_Saved entries:_
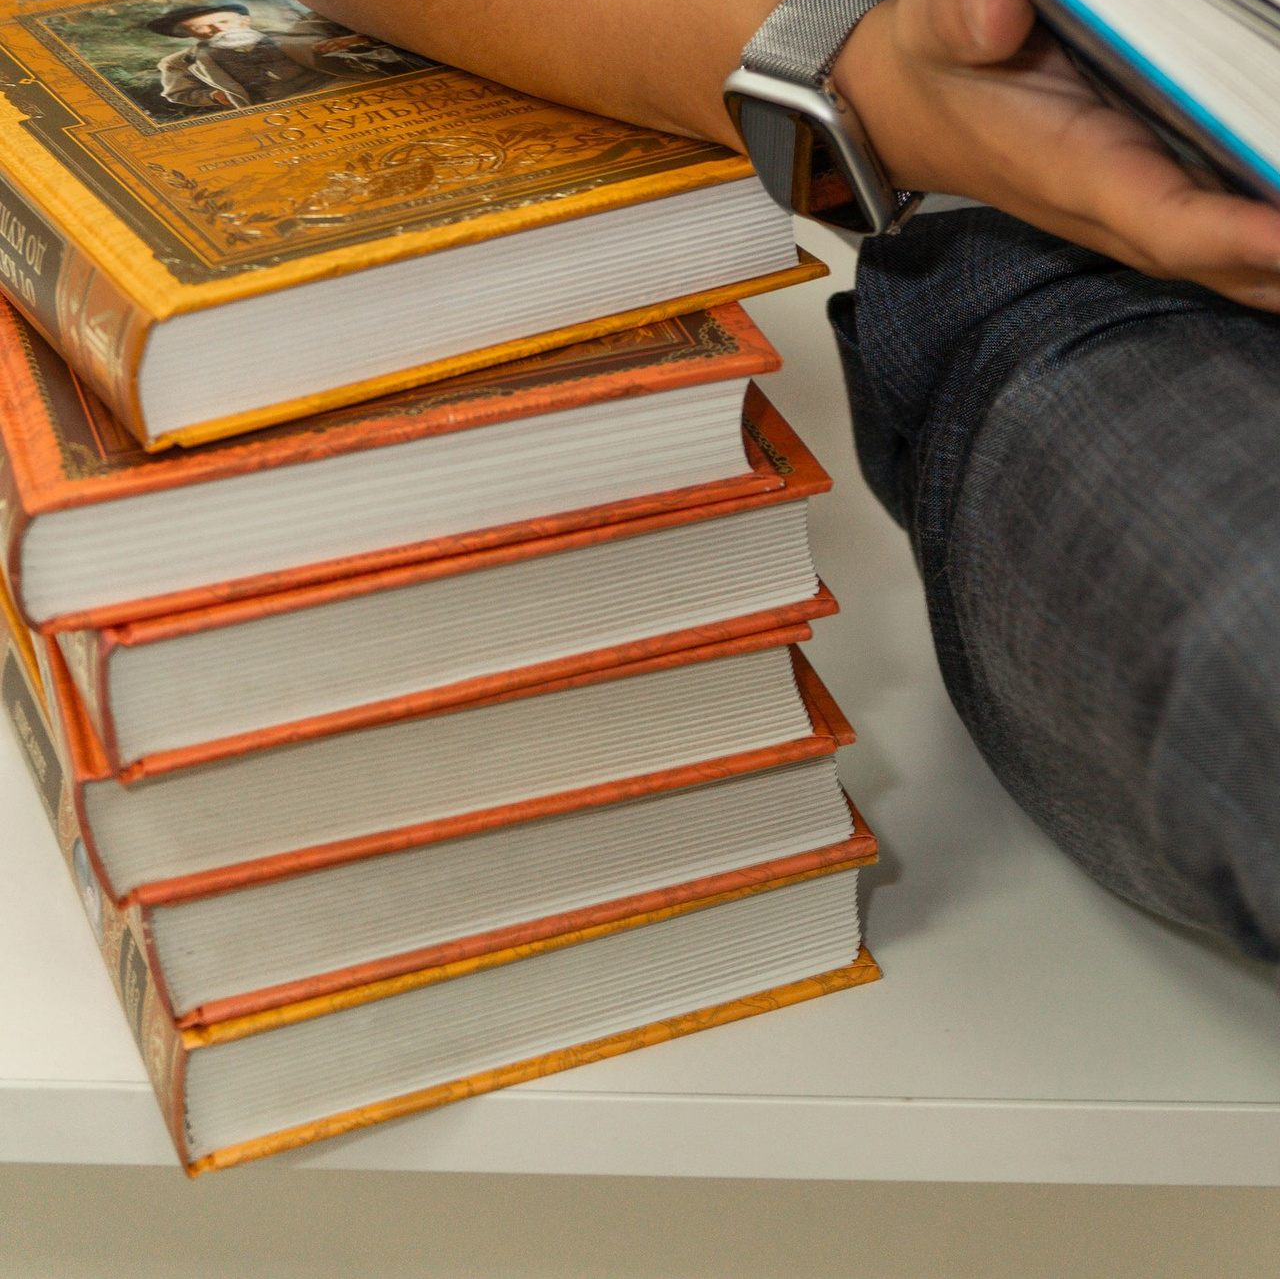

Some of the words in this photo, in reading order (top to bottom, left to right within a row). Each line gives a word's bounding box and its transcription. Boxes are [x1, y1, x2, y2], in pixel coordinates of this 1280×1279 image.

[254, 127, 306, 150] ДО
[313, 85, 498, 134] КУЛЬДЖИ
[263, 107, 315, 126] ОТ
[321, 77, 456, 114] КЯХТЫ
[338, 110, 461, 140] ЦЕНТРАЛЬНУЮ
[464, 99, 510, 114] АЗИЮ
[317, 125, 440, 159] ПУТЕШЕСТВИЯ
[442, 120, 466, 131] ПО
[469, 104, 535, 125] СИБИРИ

_About this task:_ Each entry above should be printed again word for word, with any picture dropped.

_Response to the exercise:_
Some of the words in this photo, in reading order (top to bottom, left to right within a row). Each line gives a word's bounding box and its transcription. Boxes are [x1, y1, x2, y2], in pixel coordinates of this 1280×1279 image.

[254, 127, 306, 150] ДО
[313, 85, 498, 134] КУЛЬДЖИ
[263, 107, 315, 126] ОТ
[321, 77, 456, 114] КЯХТЫ
[338, 110, 461, 140] ЦЕНТРАЛЬНУЮ
[464, 99, 510, 114] АЗИЮ
[317, 125, 440, 159] ПУТЕШЕСТВИЯ
[442, 120, 466, 131] ПО
[469, 104, 535, 125] СИБИРИ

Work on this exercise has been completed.